David O. Russell’s new film I Heart Huckabees is a manic rumination on the fruitless search for the meaning of life. So how come he looks so relaxed?
The writer-director is sprawled over a chair in the eighth floor suite of a luxury Boston hotel. Casually dressed in a navy blazer and rumpled white shirt, hands clasped behind his head and feet propped up on a coffee table, he exudes an aura of sangfroid that is infectious.
Hailed as one of the finest filmmakers of the 1990s American indie boom, Russell has had no trouble establishing his reputation among the celluloid hipster set. His darkly comedic films have tickled critics and cineastes alike, from the low-budget Spanking the Monkey, a dark comedy about masturbation and incest, to Three Kings, a comedic, scathing take on the first Gulf War.
In Huckabees, Russell mixes an A-list cast (Jude Law, Naomi Watts, Dustin Hoffman) with a surrealist plot, philosophical conundrums and the eccentric and frenetic tale of an environmental activist who hires two “existentialist detectives” to sort out his life, loves and hates.
The main character, Albert—played by the intense young actor Jason Schwartzman, best known for his debut role as Max Fischer in Wes Anderson’s Rushmore—is a fledgling activist trying to use poetry to help protect a local marsh. In the background looms the specter of consumerism in the form of Huckabees, a department store chain planning on wiping away Albert’s beloved wetlands.
It’s a strange film, and in the interview today Russell seems a strange guy. At one point in the interview he idly picks up a porcelain plate from the hotel nightstand.
“Let’s throw an Armani ashtray out the window,” he says matter-of-factly. His publicists nervously laugh—will he actually do it?
The plate stays indoors, but the threat of mischief is never far with Russell in the room. Later on silence lingers as he considers the relationship between activism and filmmaking.
Russell stares out the window for a few moments. The response finally comes out in a deeply thoughtful tone.
“Activism is the foreplay,” he says slowly. “Moviemaking is the orgasm.”
Long, long pause. No one in the room looks at each other.
“Activism is pinching the nipples,” Russell happily continues, enjoying the moment. “Moviemaking is kissing the nipples.”
Russell speaks with the self-assured tone of a man who takes himself much too seriously. But then he smiles, and it dawns on you—he’s just fucking around.

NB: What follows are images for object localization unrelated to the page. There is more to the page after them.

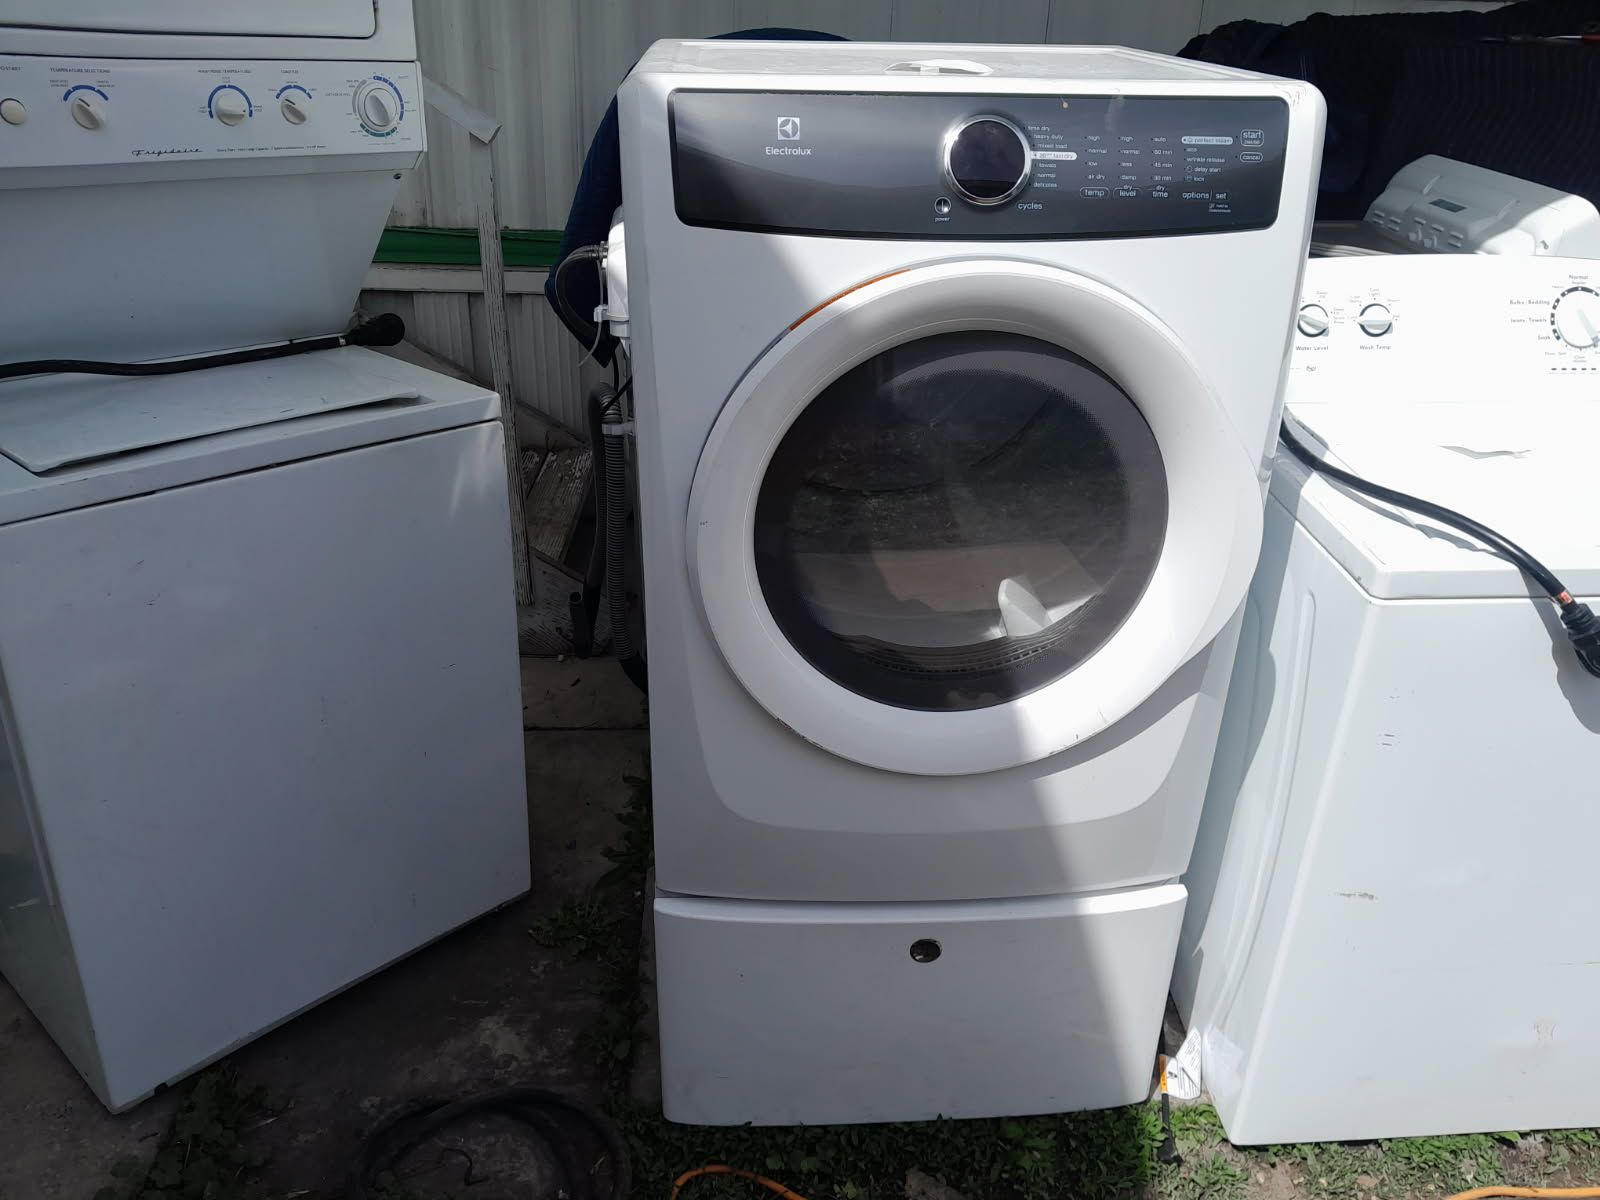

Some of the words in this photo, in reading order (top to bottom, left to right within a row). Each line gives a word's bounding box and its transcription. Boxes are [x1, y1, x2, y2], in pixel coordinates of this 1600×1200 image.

[1242, 130, 1262, 139] start
[765, 146, 812, 156] Electrolux
[1194, 166, 1208, 174] delay
[1084, 189, 1105, 197] temp
[1119, 189, 1137, 197] level
[1152, 190, 1169, 198] time
[1182, 191, 1210, 200] options
[1215, 192, 1227, 200] set
[1017, 201, 1043, 210] cycles
[1376, 343, 1392, 351] Temp

The same might be said of Huckabees. Beneath a veneer of pseudo-intellectualism, the movie is, at heart, a joke. The plot seems to unfold in a parallel universe, a world where every citizen is required to take a college survey course in philosophy and then spend the rest of their lives discussing it. Mark Wahlberg, as a nihilist firefighter, is introduced having a fight with his girlfriend; instead of bickering over who did or didn’t do the dishes, he is trying to convince her that life is meaningless.
With this absurdism, Russell has tapped into the same vein of postwar art that inspired the tragicomic brilliance of the original masters of existentialism. Huckabees is an unreality, a musical with songs by Sartre and book by Beckett.